**Exercise**
Leave out the pictures and reproduce all of the data exactly.

Records drawn from a dataset
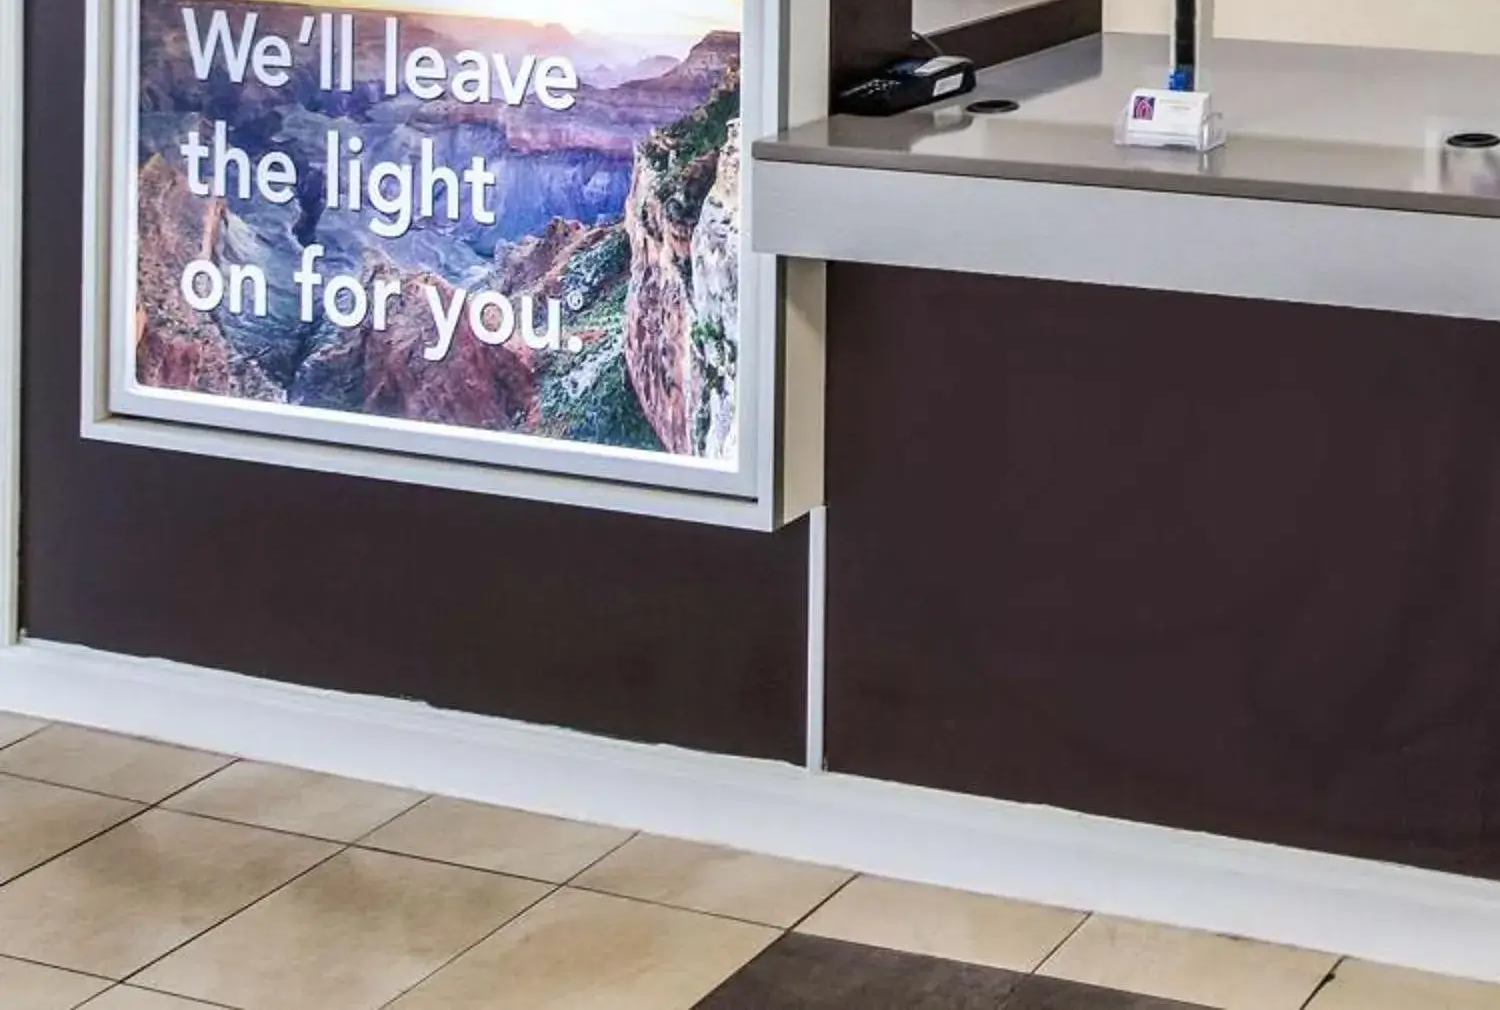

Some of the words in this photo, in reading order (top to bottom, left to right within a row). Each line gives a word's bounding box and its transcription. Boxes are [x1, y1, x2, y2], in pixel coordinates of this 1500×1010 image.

[384, 17, 579, 110] leave
[181, 120, 297, 204] the
[326, 130, 496, 238] light
[180, 257, 267, 317] on
[294, 244, 401, 331] for

**Result**
Some of the words in this photo, in reading order (top to bottom, left to right within a row). Each line gives a word's bounding box and its transcription. Boxes are [x1, y1, x2, y2], in pixel coordinates of this 1500×1010 image.

[384, 17, 579, 110] leave
[181, 120, 297, 204] the
[326, 130, 496, 238] light
[180, 257, 267, 317] on
[294, 244, 401, 331] for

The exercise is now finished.